An academic thesis on women working in botanic gardens has found 361 separate incidents of stereotyping based on gender.
The most frequently used stereotype was being labelled too emotional - reported by 94 women.
Women Working Globally in Botanic Gardens: Career Barriers & Opportunities in Horticulture & Science by Kew researcher Kathryn Braithwaite assessed the careers of women working in botanic horticulture and science from the perspective of those working in the industry.
Their contribution was "overwhelming", with 573 surveys completed from 209 unique global botanic garden sites and women participating from as far afield as South Korea, Yemen and Brazil.
The study assessed areas such as the women's educational history, opportunities in their workplace, perceived barriers, gender stereotypes, leadership roles and hopes for the future.
Braithwaite found that in many cases the reality of the workplace "isn't matching the hopes and expectations of their career trajectory".
She added: "The evidence shows that discontent is caused by low wages, unstable funding, insufficient positions consummate with skill level and the impact of leaving the workplace to have children. But for all the concerns and issues raised it is encouraging that 90 per cent of women would recommend a female friend to pursue a career in a botanic garden.
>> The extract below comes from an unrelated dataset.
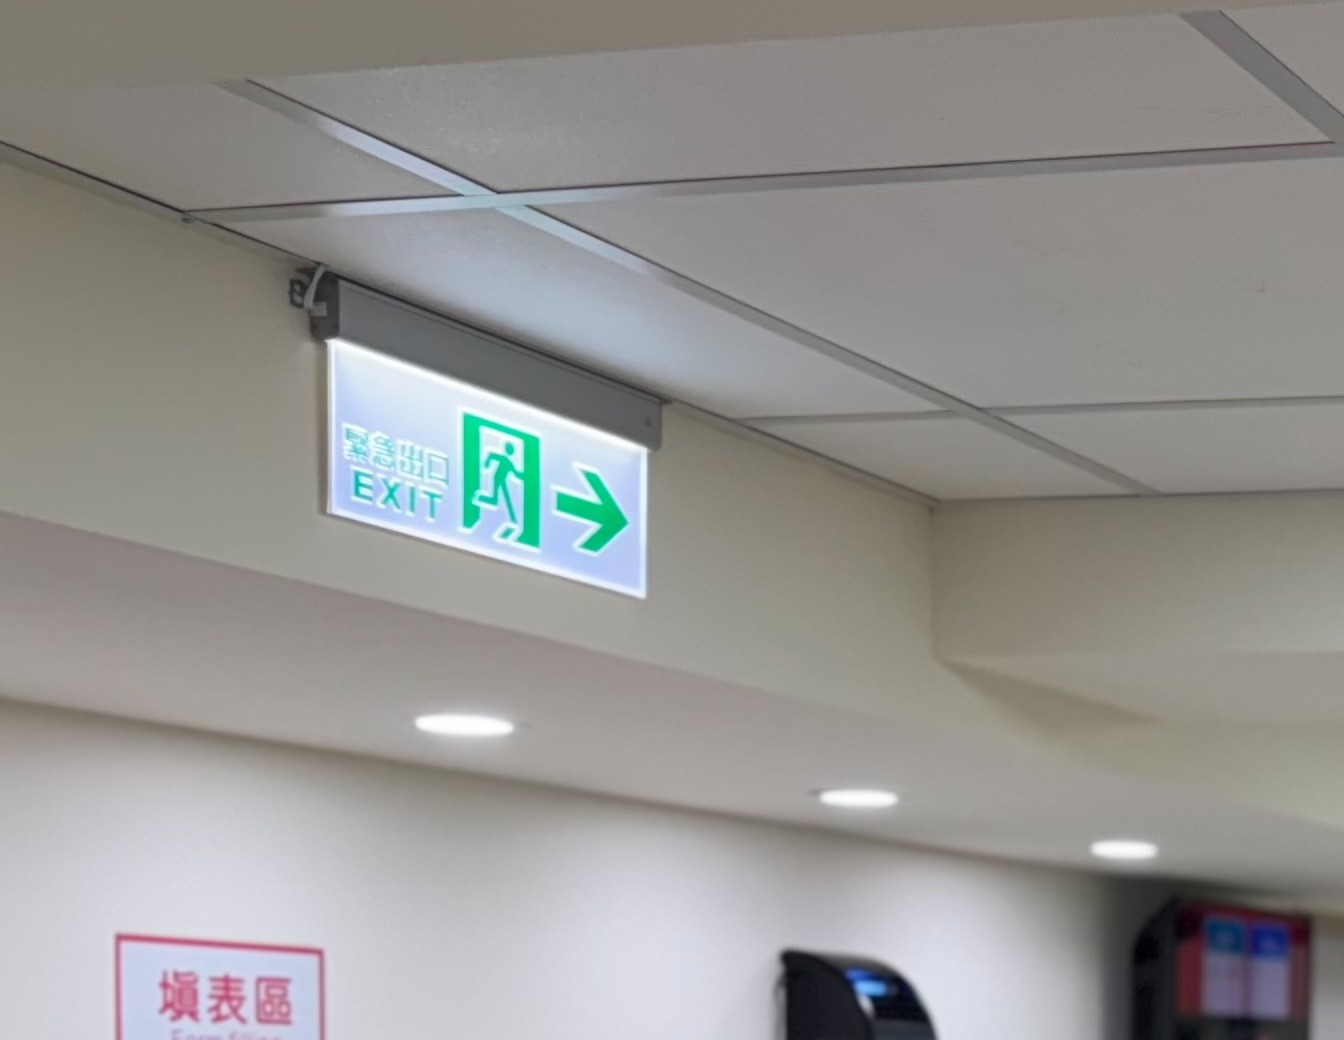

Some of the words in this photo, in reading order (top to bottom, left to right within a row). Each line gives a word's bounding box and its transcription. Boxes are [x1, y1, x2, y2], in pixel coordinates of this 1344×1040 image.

[343, 423, 447, 487] 緊急出口
[352, 468, 443, 521] EXIT
"It is important that we understand why women embark on a career in a botanic garden to promote these benefits to the next generation of young females.
"The one overwhelming response, when asked why they want to work in a botanic garden, was 'for the love of plants' and 'because it is my dream job'."
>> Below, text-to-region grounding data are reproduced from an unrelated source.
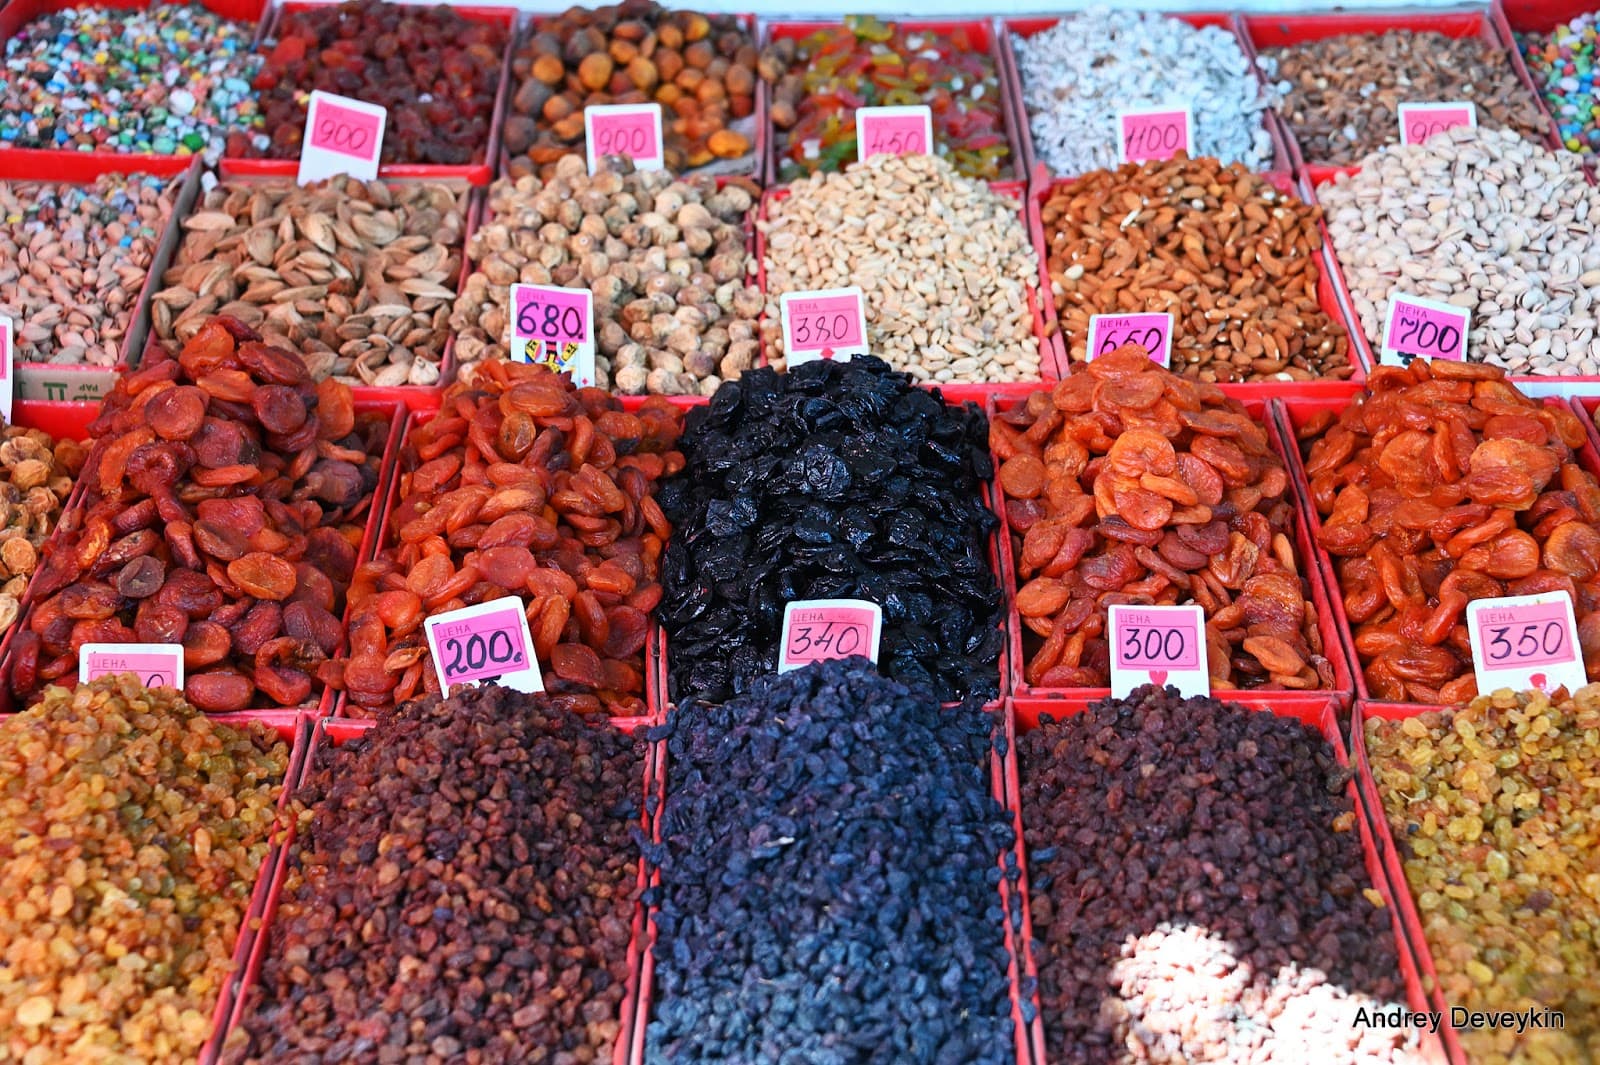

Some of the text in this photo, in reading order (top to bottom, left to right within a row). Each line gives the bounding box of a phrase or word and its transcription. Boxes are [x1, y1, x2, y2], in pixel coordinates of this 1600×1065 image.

[321, 119, 368, 150] 900
[599, 128, 647, 156] 900
[871, 128, 921, 155] 450
[1125, 124, 1179, 156] 1100
[1100, 319, 1131, 328] ЦЕНА
[1398, 304, 1428, 318] ЦЕНА
[796, 314, 849, 343] 380
[1400, 316, 1460, 353] 700
[792, 612, 825, 622] ЦЕНА
[1120, 613, 1152, 624] ЦЕНА
[1481, 612, 1515, 624] ЦЕНА
[438, 624, 472, 638] ЦЕНА
[791, 622, 859, 655] 340
[1124, 628, 1185, 661] 300
[1490, 622, 1563, 660] 350
[92, 658, 128, 669] ЦЕНА
Study results - Women in botanic gardens
39.7%: Responses from Europe (source of most responses).
10.6 years: The mean number of years that participants have worked in the sector, with the longest recorded career spanning 59 years.
19.2%: Respondents in upper management or a directorship.
76.2%: Participants who hold an undergraduate degree or higher qualification.
63.6%: Participants agreeing or strongly agreeing they had opportunities to apply their talents and expertise.
38.5%: Respondents who felt they have adequate career advancement opportunities.
55%: Women who said they are spread too widely in too many directions/initiatives/projects.
60.1%: Participants who do not have children.